Section 75(2) factors

  1. Subsection (a).  The wife is 48 years old and in good health.  The husband is also 40 years old and physically is in good health.  During the marriage, the wife says the husband became depressed and when depressed his capacity for work fell away.  In mid-2001 he needed psychiatric care during a period when he was unable to work.  Through psychotherapy and medication he settled and after a number of months was able to return to work.  I make an adjustment in the husband’s favour pursuant to the subsection.

  2. Subsection (b).   The parties’ property and financial resources have already been addressed.  The wife’s income is about $33,000 per annum.  The wife is an experienced secretary in secure appropriately paid employment.  The husband’s situation is less certain.  The husband has worked as a builder or carpenter all his life.   After working as an employee or subcontractor he entered a partnership in 1992 and says that at one time the business had $1,000,000-2,000,000 work in progress.  If this evidence is correct, the husband and the business have little to show for this level of activity.  Work in progress is but one part of profitability.  A successful venture requires at least that the work in progress exceeds the cost of producing the work product.  The husband’s modest assets at cohabitation, suggest that whilst C S Pty Limited in its few years of operation may have had significant work in progress, the work in progress did not result in significant profits.  In his own business, the husband has, since 1996, earned a modest income.  Unfortunately, I formed the view that although the husband may be a skilled carpenter and builder, as a businessman he is less able.  Without asset backing and prone to depression, the husband has little prospect of running his own building company in the future.  Although he may disagree, the husband is likely to obtain casual and subcontract work in the building industry.  It is feasible, that as a subcontractor or casual employee, he may earn more than he has been able to earn running his own businesses.  The husband’s capacity to earn an income is less certain than the wife’s.  Nonetheless, because of his vast experience and physical good health, it is likely that the husband will earn at least as much as the wife earns for the foreseeable future.  Accordingly, I make no adjustment pursuant to the subsection.

  3. Subsection (c).

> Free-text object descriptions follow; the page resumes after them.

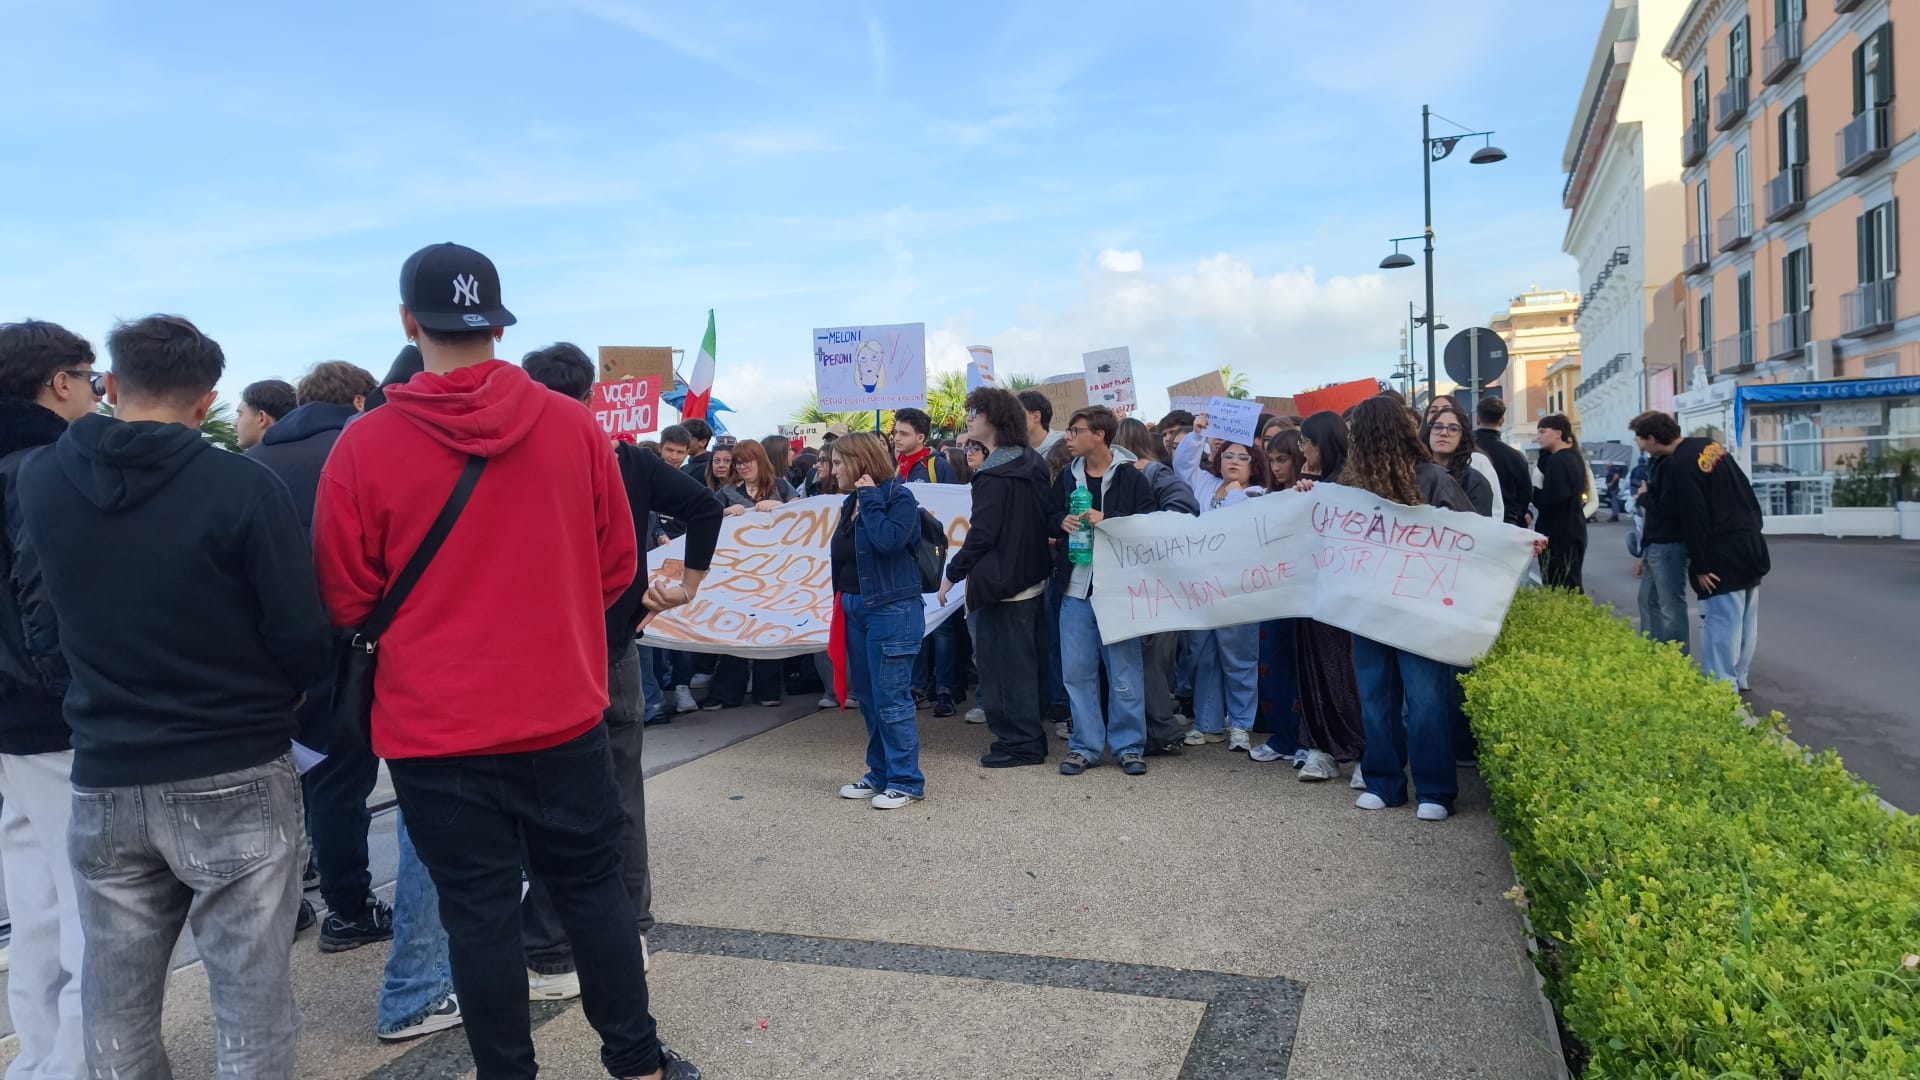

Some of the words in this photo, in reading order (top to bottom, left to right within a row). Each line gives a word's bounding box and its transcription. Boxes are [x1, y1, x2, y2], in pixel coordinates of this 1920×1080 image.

[602, 380, 648, 404] VOGLIO
[596, 404, 651, 433] FUTURO
[1107, 533, 1226, 568] VOGLIAMO
[1254, 514, 1294, 546] IL
[1128, 578, 1181, 620] MA
[1179, 575, 1227, 610] NON
[1240, 562, 1297, 594] COME
[1391, 553, 1462, 606] EX!
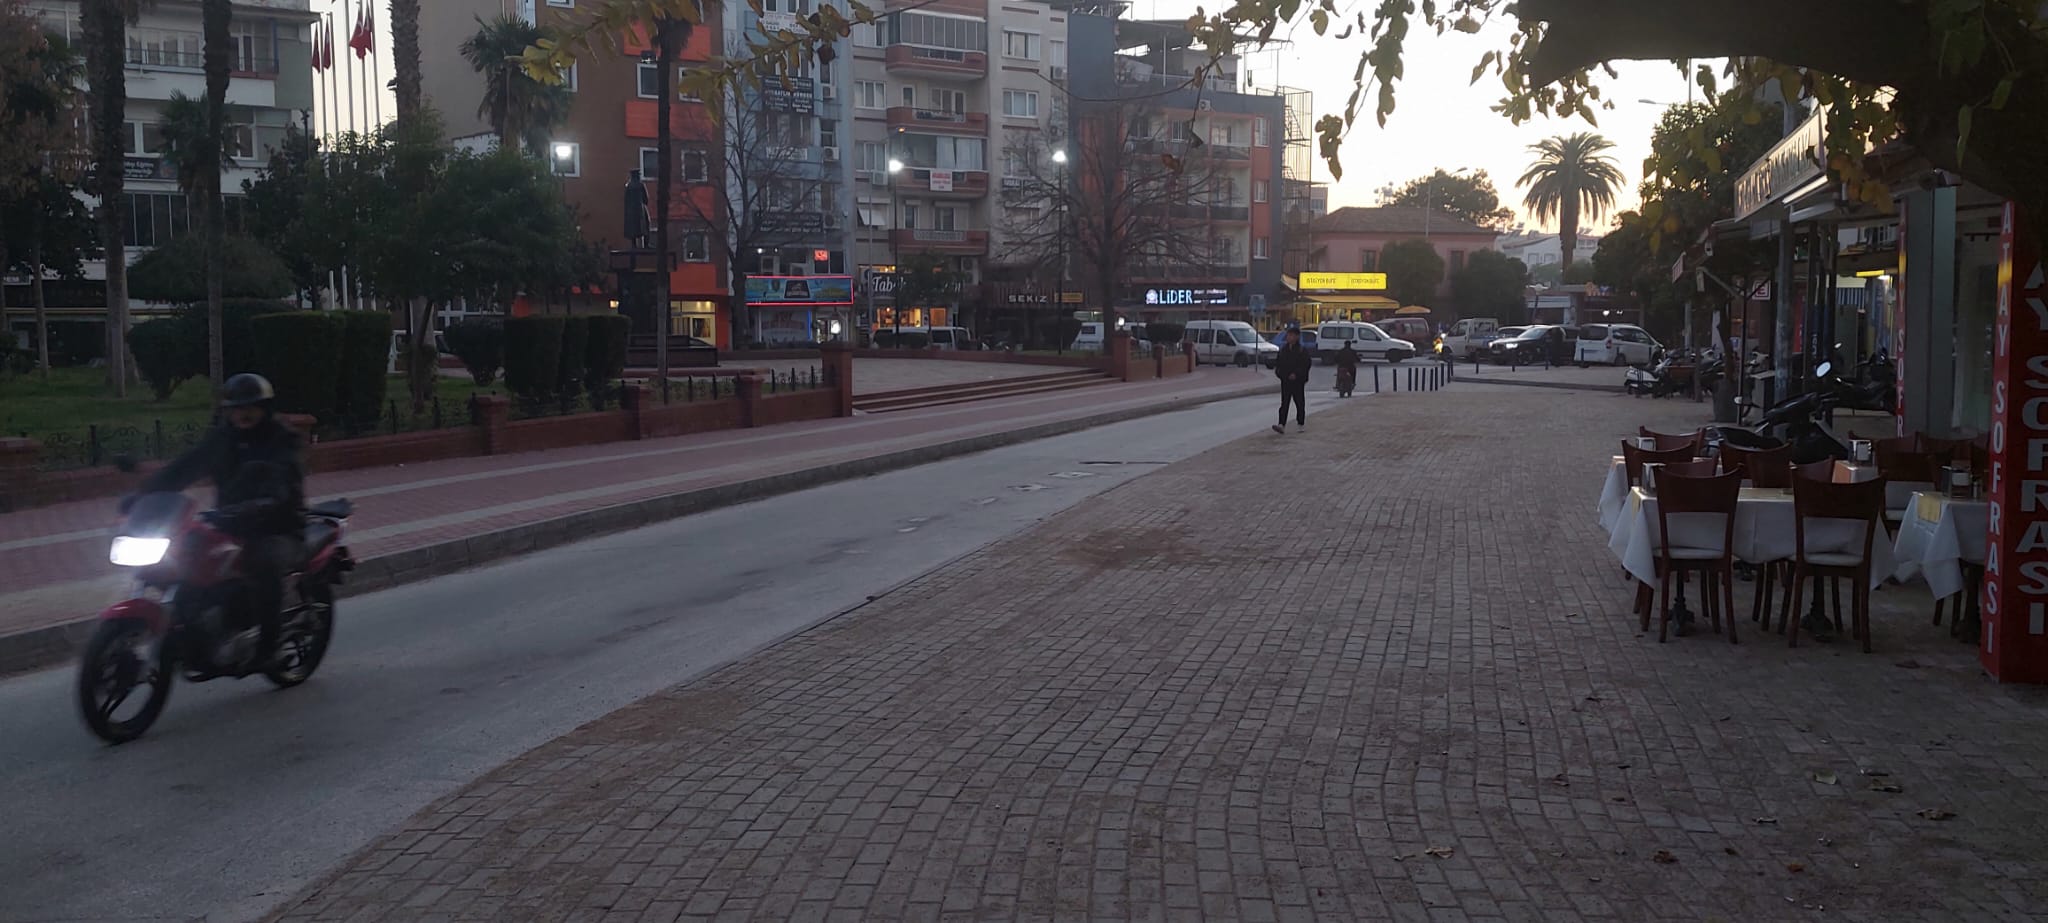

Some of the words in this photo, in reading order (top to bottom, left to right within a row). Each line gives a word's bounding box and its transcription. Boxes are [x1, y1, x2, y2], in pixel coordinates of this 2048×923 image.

[1998, 201, 2012, 357] ATAY
[1897, 328, 1905, 438] SOFR
[1986, 380, 2005, 654] SOFRASI

Does not arise.

  4. Subsection (d).  The wife has the commitments set out in her financial statement.  Neither she nor the husband has responsibility to support any child.  The husband’s financial circumstances are presently tenuous.  That is because he is unemployed and presently unable to access remaining company funds.  The husband has been living with TD in TD’s home.  Because he is unable to afford to rent his own home, the husband has needed to rely on his friend for accommodation and basic living expenses.  This is a temporary situation and does not warrant adjustment pursuant to the subsection.

  1. Subsection (e).  Neither party has responsibility to support any other person.

  2. Subsection (f). Neither party receives any entitlement referred to in s.75(2)(f).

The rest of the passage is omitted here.